## WORK INSTRUCTIONS
For this exercise, retype all the data exactly and exclude every image.

Text-to-region grounding data
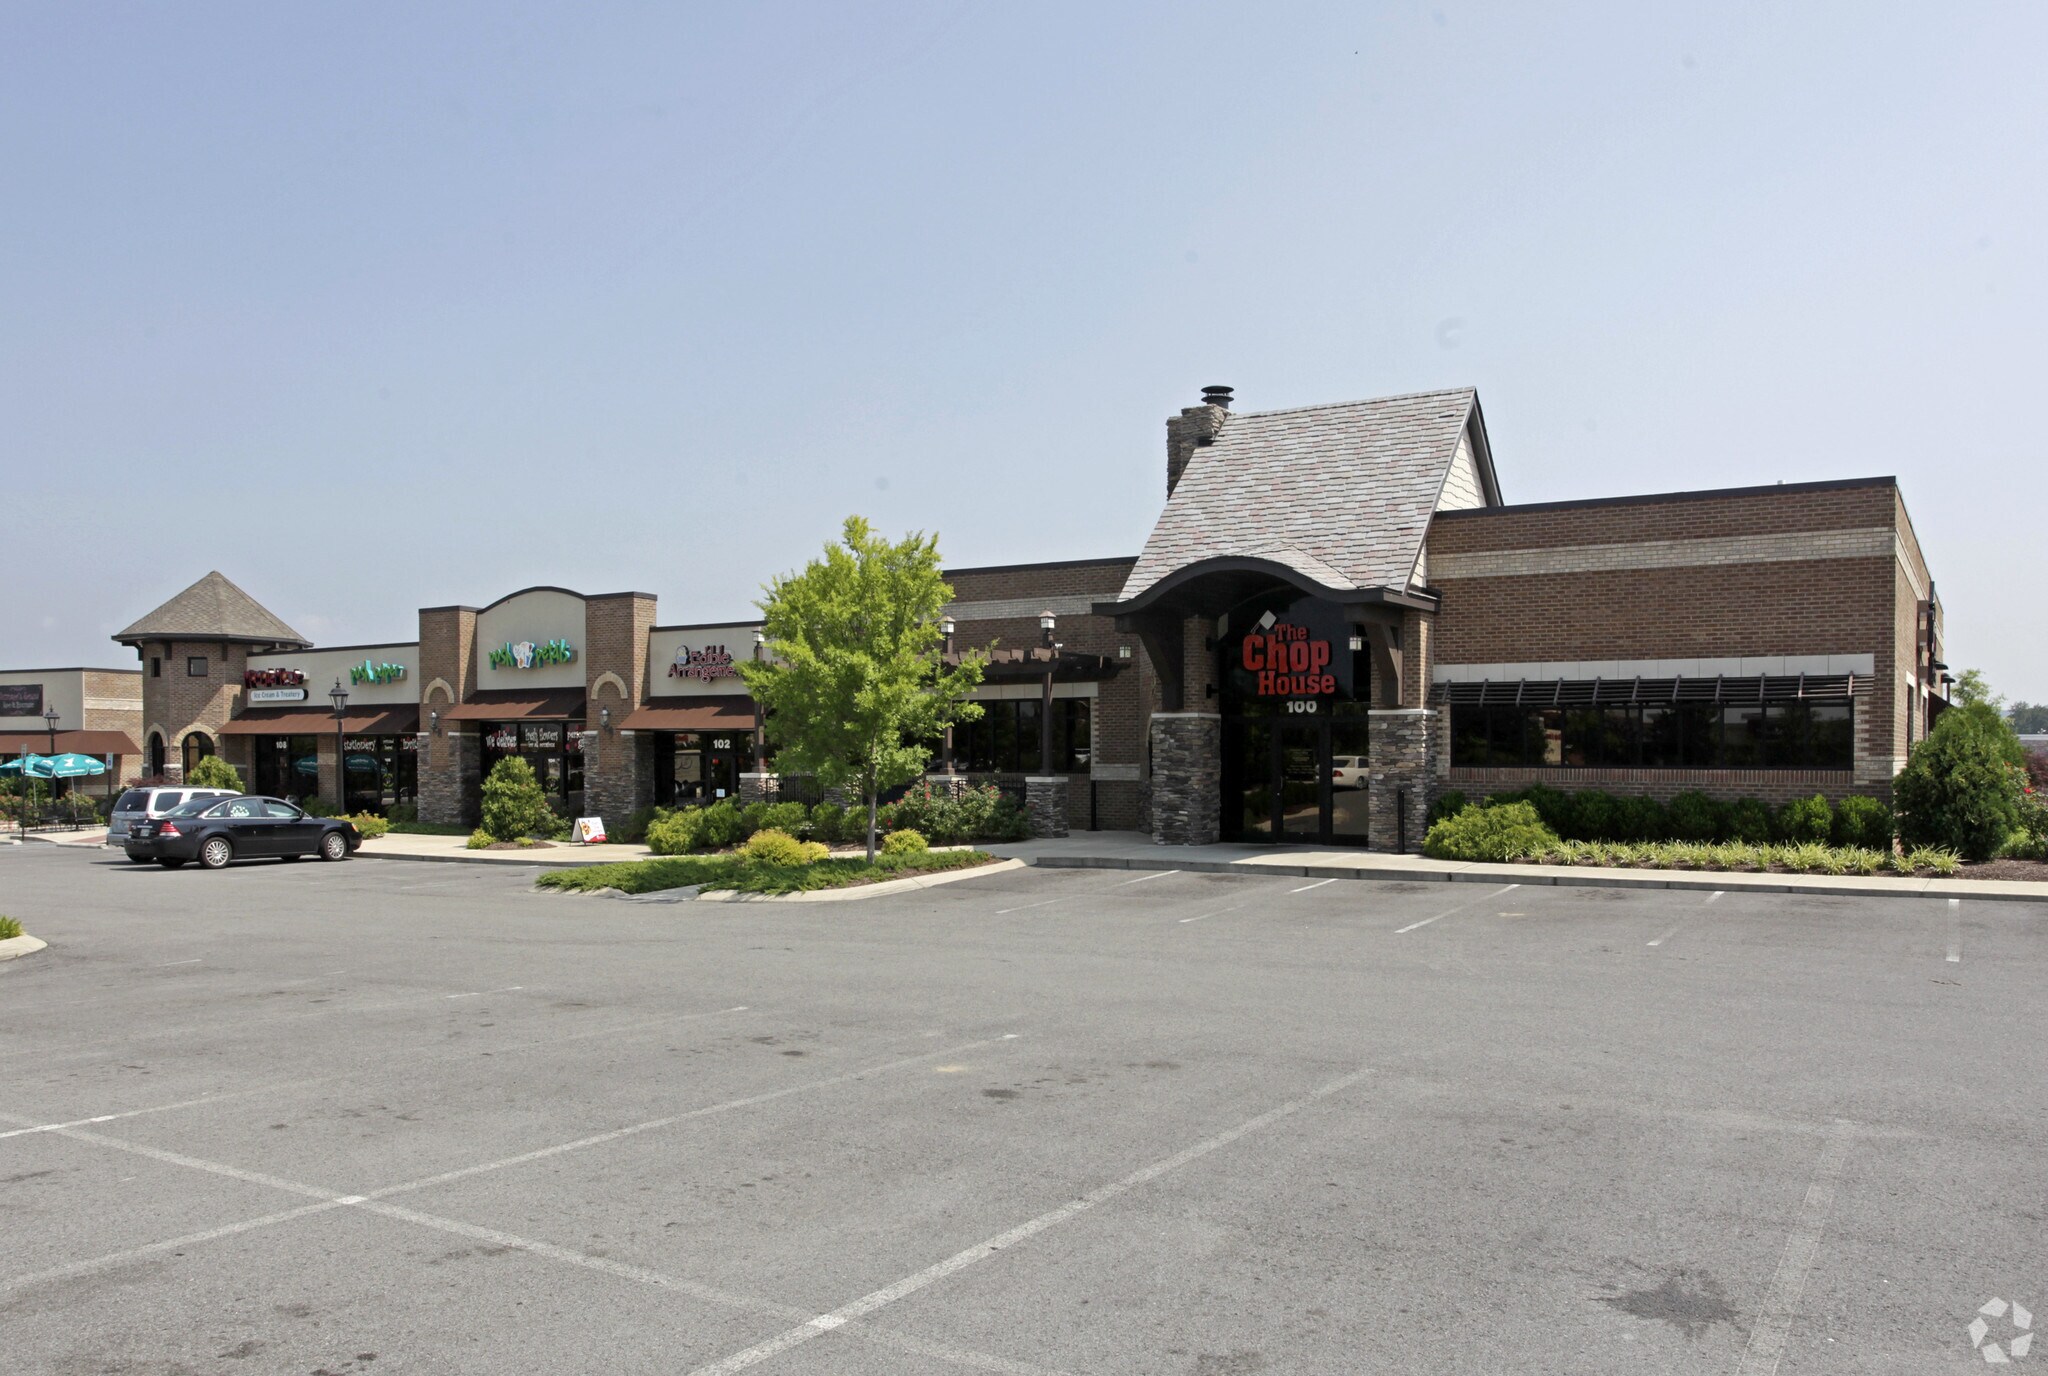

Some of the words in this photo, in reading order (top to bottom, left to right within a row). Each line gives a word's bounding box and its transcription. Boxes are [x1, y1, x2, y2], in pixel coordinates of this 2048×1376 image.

[1274, 624, 1308, 641] The
[489, 642, 515, 670] posh
[536, 639, 571, 668] petals
[690, 645, 733, 665] Edible
[1243, 633, 1330, 675] Chop
[668, 663, 738, 684] Arrangeme
[1258, 670, 1336, 696] House
[1286, 700, 1317, 713] 100
[344, 739, 376, 751] stationery
[713, 739, 731, 749] 102
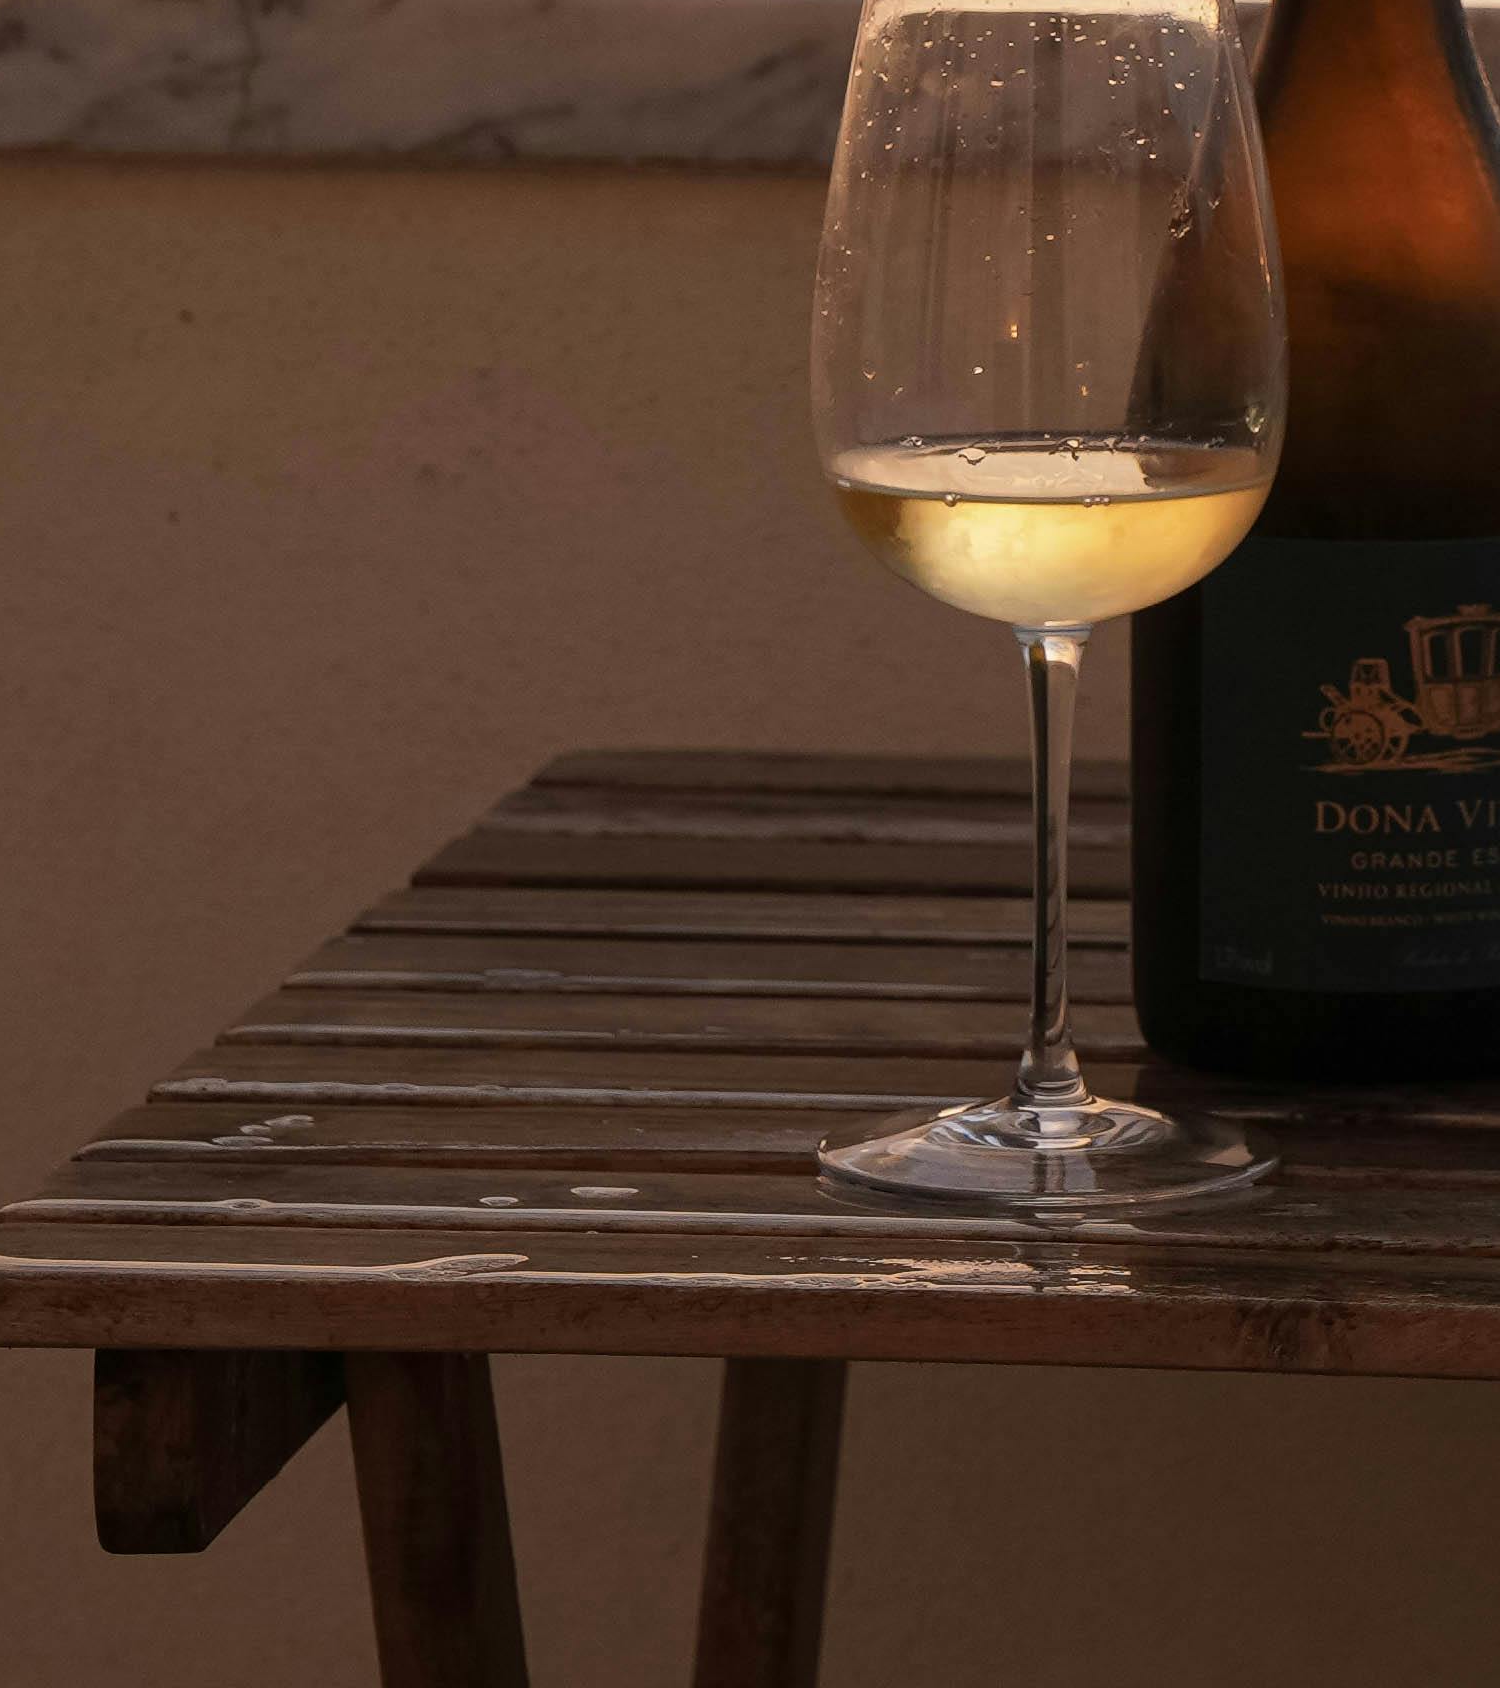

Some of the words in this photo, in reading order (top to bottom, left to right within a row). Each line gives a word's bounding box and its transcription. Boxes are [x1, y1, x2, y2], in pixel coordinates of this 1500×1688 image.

[1314, 800, 1442, 834] DONA
[1350, 848, 1459, 871] GRANDE
[1317, 881, 1389, 900] VINHO
[1395, 880, 1494, 899] REGIONAL

## SOLUTION FOR THIS PROBLEM
Some of the words in this photo, in reading order (top to bottom, left to right within a row). Each line gives a word's bounding box and its transcription. Boxes are [x1, y1, x2, y2], in pixel coordinates of this 2048×1376 image.

[1274, 624, 1308, 641] The
[489, 642, 515, 670] posh
[536, 639, 571, 668] petals
[690, 645, 733, 665] Edible
[1243, 633, 1330, 675] Chop
[668, 663, 738, 684] Arrangeme
[1258, 670, 1336, 696] House
[1286, 700, 1317, 713] 100
[344, 739, 376, 751] stationery
[713, 739, 731, 749] 102

Some of the words in this photo, in reading order (top to bottom, left to right within a row). Each line gives a word's bounding box and its transcription. Boxes are [x1, y1, x2, y2], in pixel coordinates of this 1500×1688 image.

[1314, 800, 1442, 834] DONA
[1350, 848, 1459, 871] GRANDE
[1317, 881, 1389, 900] VINHO
[1395, 880, 1494, 899] REGIONAL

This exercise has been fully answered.